Study material —
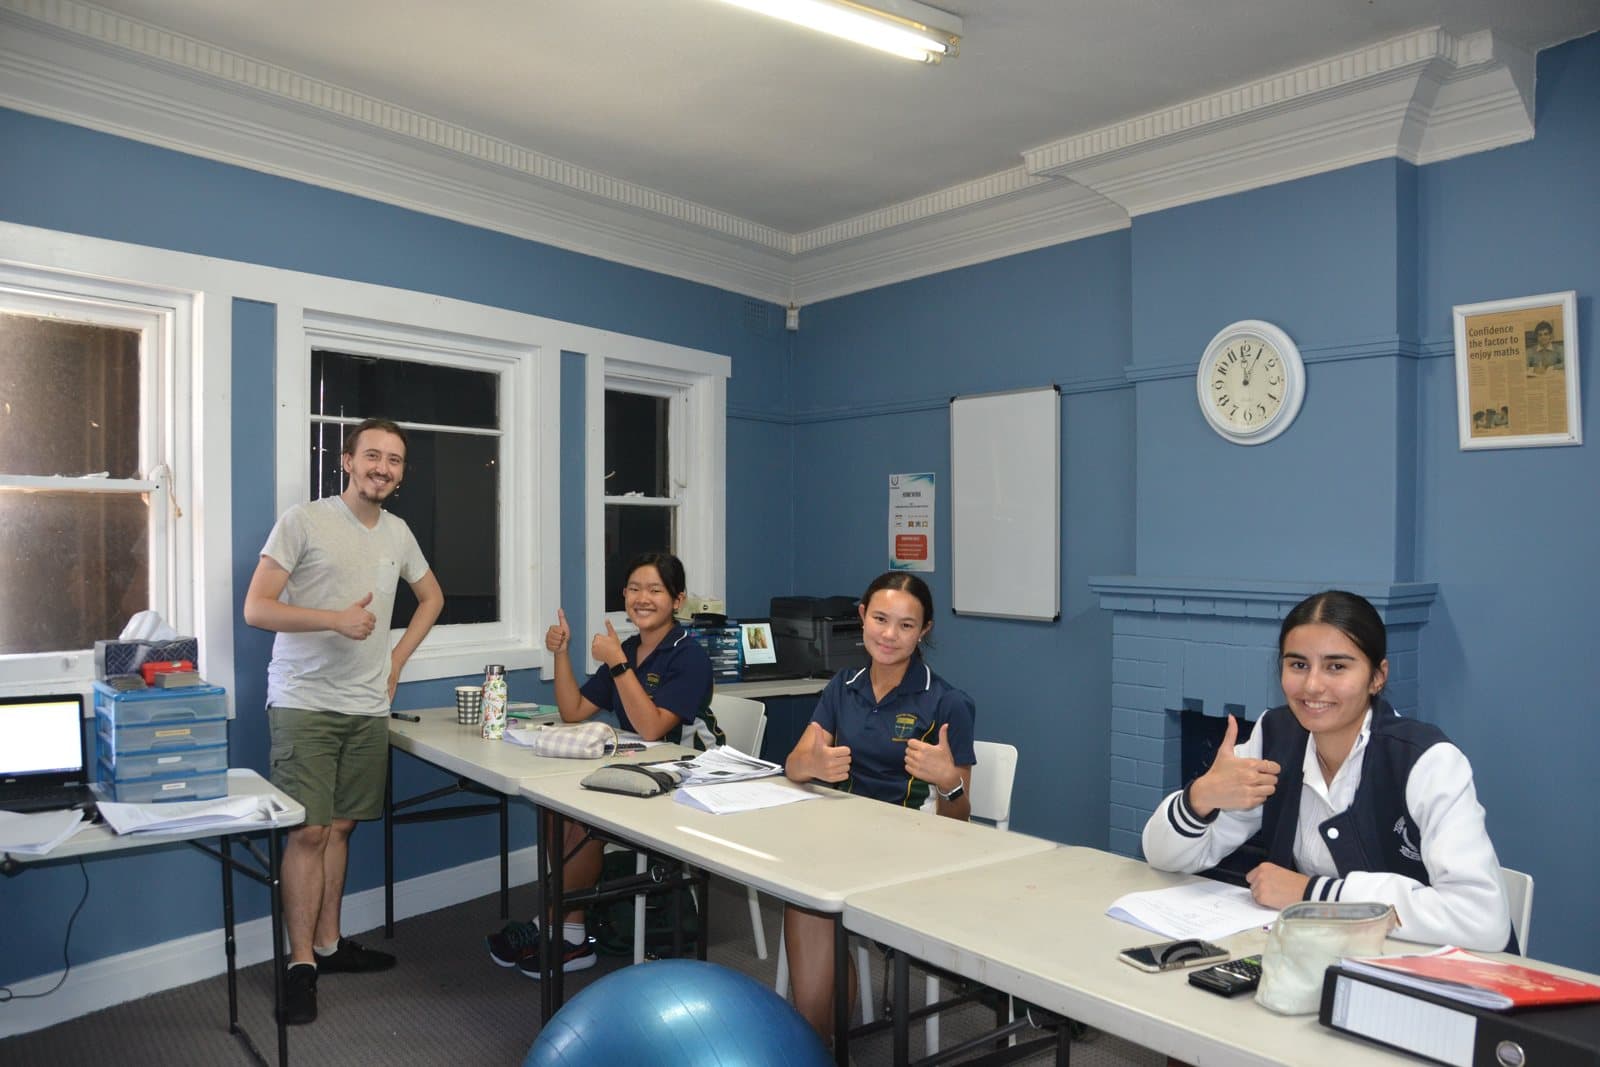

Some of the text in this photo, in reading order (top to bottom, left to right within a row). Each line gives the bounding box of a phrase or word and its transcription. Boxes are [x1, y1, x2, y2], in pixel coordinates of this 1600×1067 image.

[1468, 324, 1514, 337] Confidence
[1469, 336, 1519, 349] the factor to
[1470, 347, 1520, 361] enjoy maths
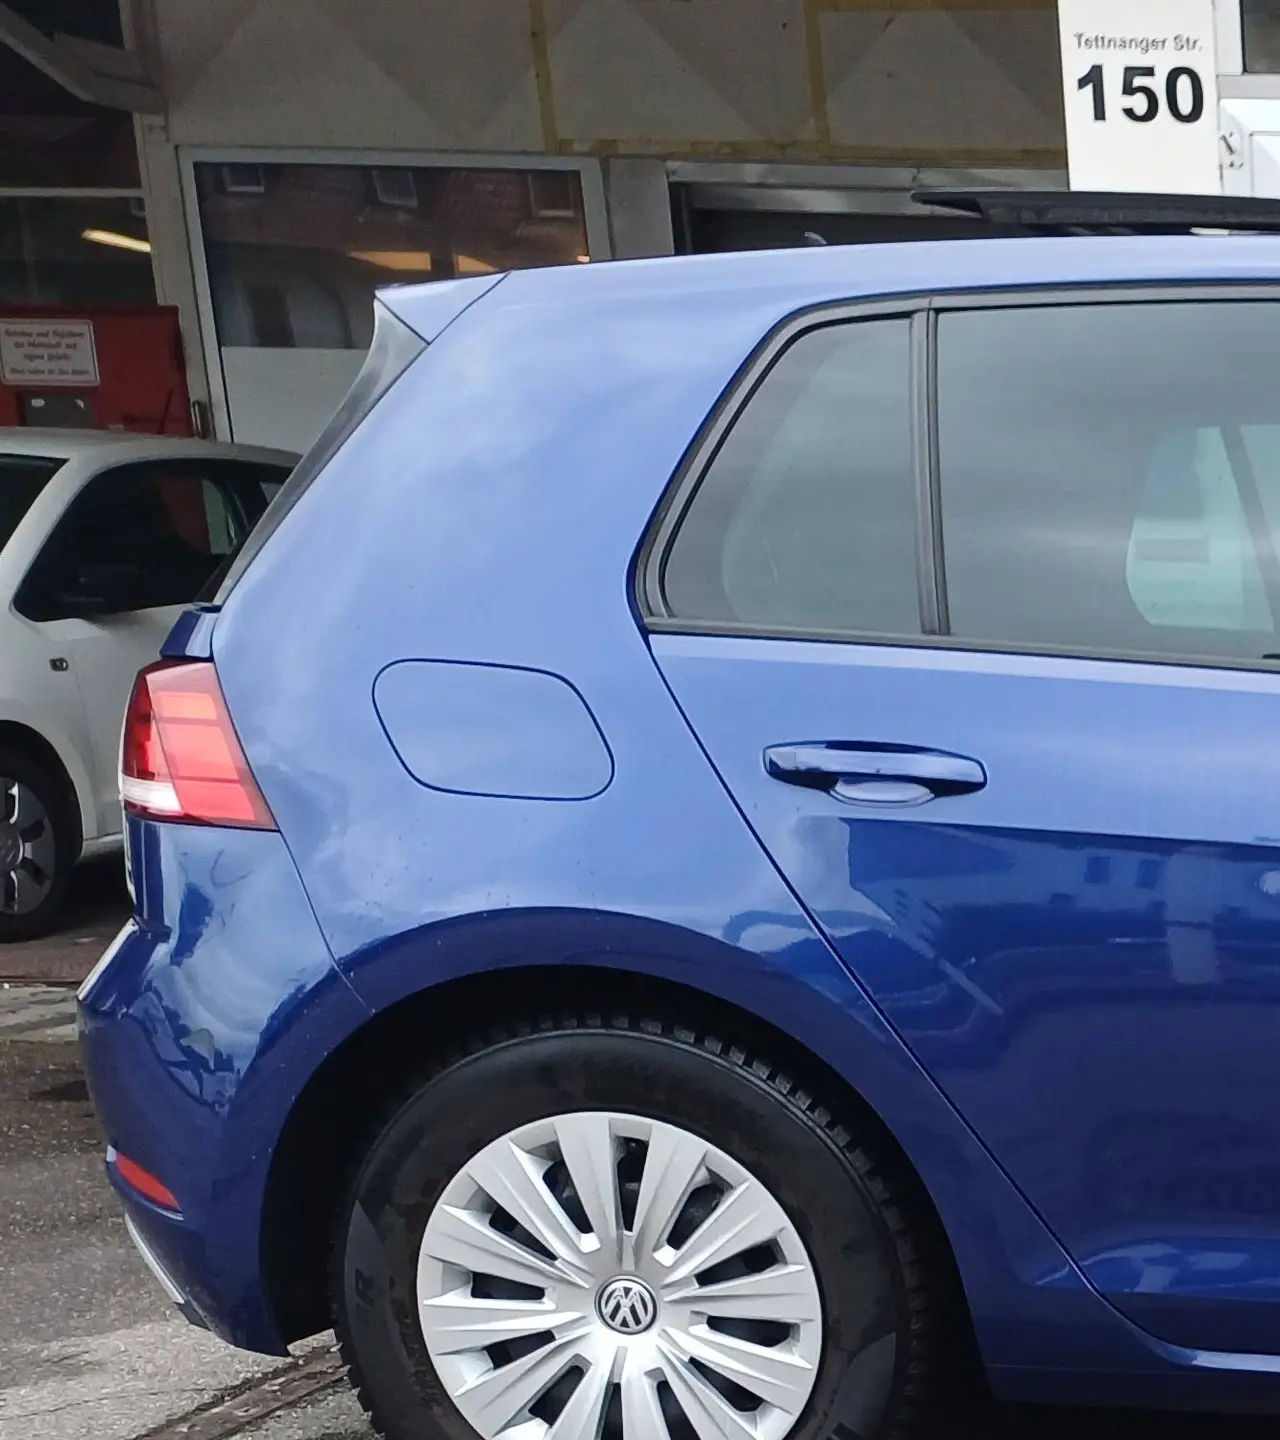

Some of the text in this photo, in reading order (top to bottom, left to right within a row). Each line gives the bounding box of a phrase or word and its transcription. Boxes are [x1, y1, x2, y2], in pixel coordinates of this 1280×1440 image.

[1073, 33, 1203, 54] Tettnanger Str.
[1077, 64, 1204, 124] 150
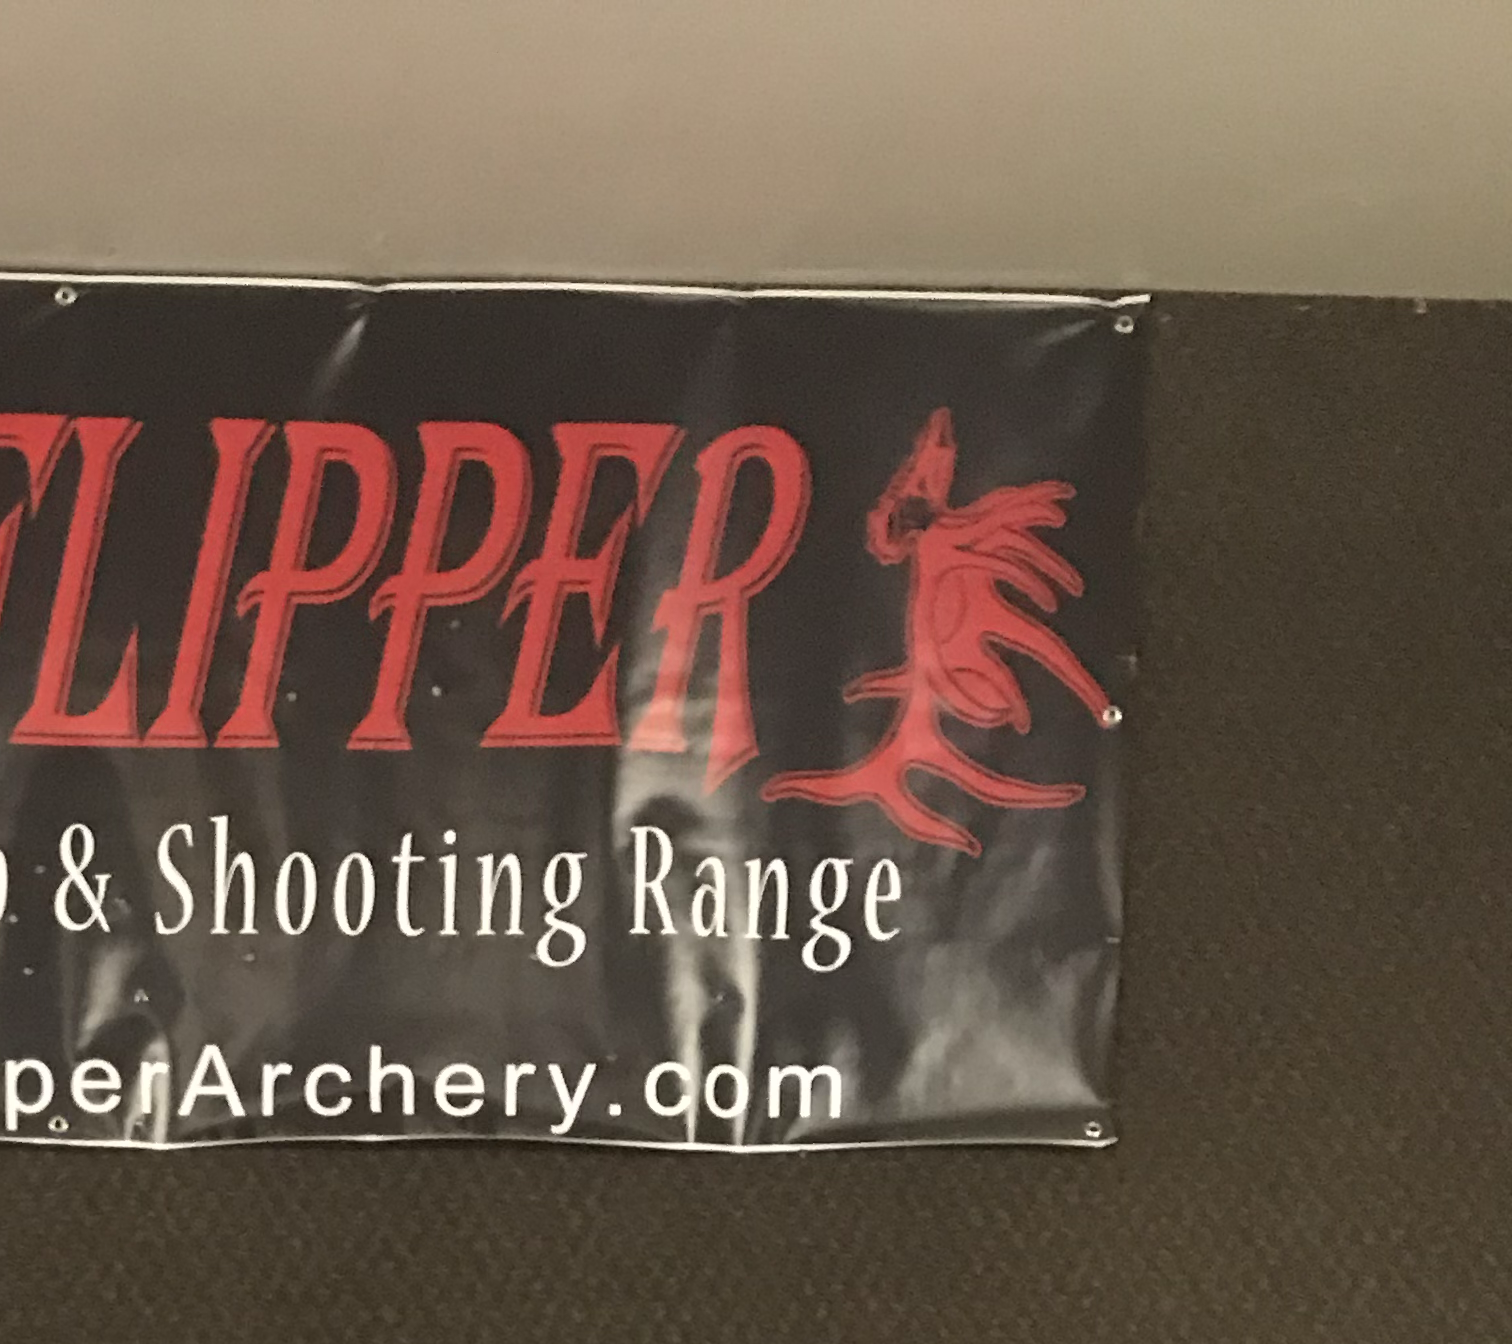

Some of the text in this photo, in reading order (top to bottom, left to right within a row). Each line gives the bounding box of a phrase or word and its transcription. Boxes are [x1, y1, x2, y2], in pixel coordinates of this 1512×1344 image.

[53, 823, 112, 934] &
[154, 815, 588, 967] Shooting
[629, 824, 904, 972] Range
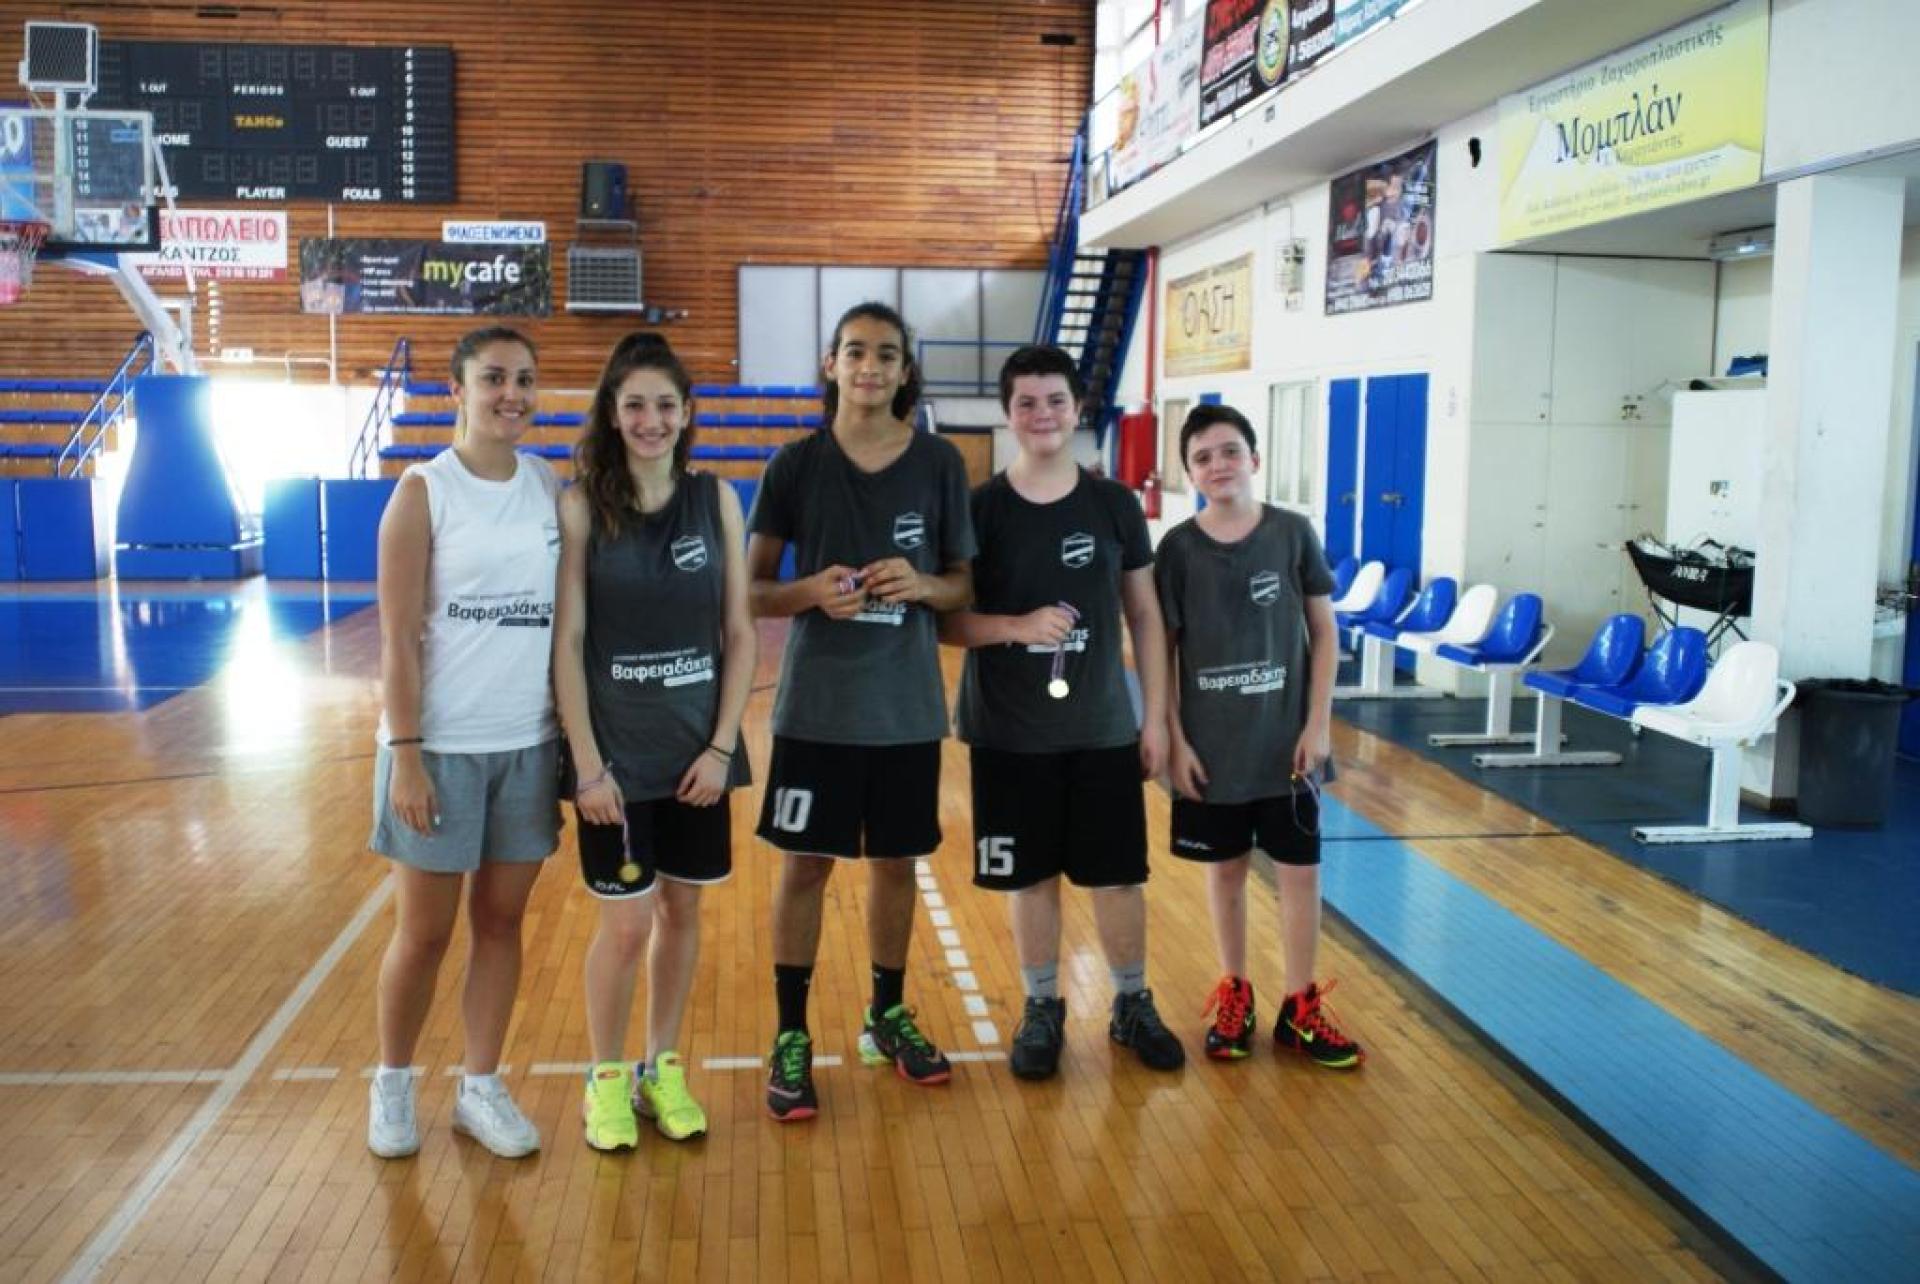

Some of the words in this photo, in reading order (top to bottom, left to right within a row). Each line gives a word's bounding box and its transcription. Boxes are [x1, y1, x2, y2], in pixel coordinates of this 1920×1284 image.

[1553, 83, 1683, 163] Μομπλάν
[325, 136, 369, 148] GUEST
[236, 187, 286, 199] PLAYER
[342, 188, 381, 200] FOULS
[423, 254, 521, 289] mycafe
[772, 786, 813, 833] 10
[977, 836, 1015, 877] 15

Task prompt — Leaving the pictures out, output each line of the listing exactly.

Reply to the task —
Some of the text in this photo, in reading order (top to bottom, left to right within a row). Each line gives the bounding box of a phrase or word and its transcription. Boxes are [x1, y1, x2, y2], in pixel coordinates of this 1600×1067 image.

[1468, 324, 1514, 337] Confidence
[1469, 336, 1519, 349] the factor to
[1470, 347, 1520, 361] enjoy maths

Some of the text in this photo, in reading order (top to bottom, left to right within a row). Each line gives the bounding box of a phrase or word and its transcription. Boxes are [x1, y1, x2, y2], in pixel coordinates of this 1280×1440 image.

[1073, 33, 1203, 54] Tettnanger Str.
[1077, 64, 1204, 124] 150

Some of the text in this photo, in reading order (top to bottom, left to right within a row). Each line gives the bounding box of a phrase or word and its transcription. Boxes are [x1, y1, x2, y2], in pixel coordinates of this 1512×1344 image.

[53, 823, 112, 934] &
[154, 815, 588, 967] Shooting
[629, 824, 904, 972] Range

Some of the words in this photo, in reading order (top to bottom, left to right within a row). Each line gives a word's bounding box and its transcription. Boxes are [x1, y1, x2, y2], in pixel coordinates of this 1920×1284 image.

[1553, 83, 1683, 163] Μομπλάν
[325, 136, 369, 148] GUEST
[236, 187, 286, 199] PLAYER
[342, 188, 381, 200] FOULS
[423, 254, 521, 289] mycafe
[772, 786, 813, 833] 10
[977, 836, 1015, 877] 15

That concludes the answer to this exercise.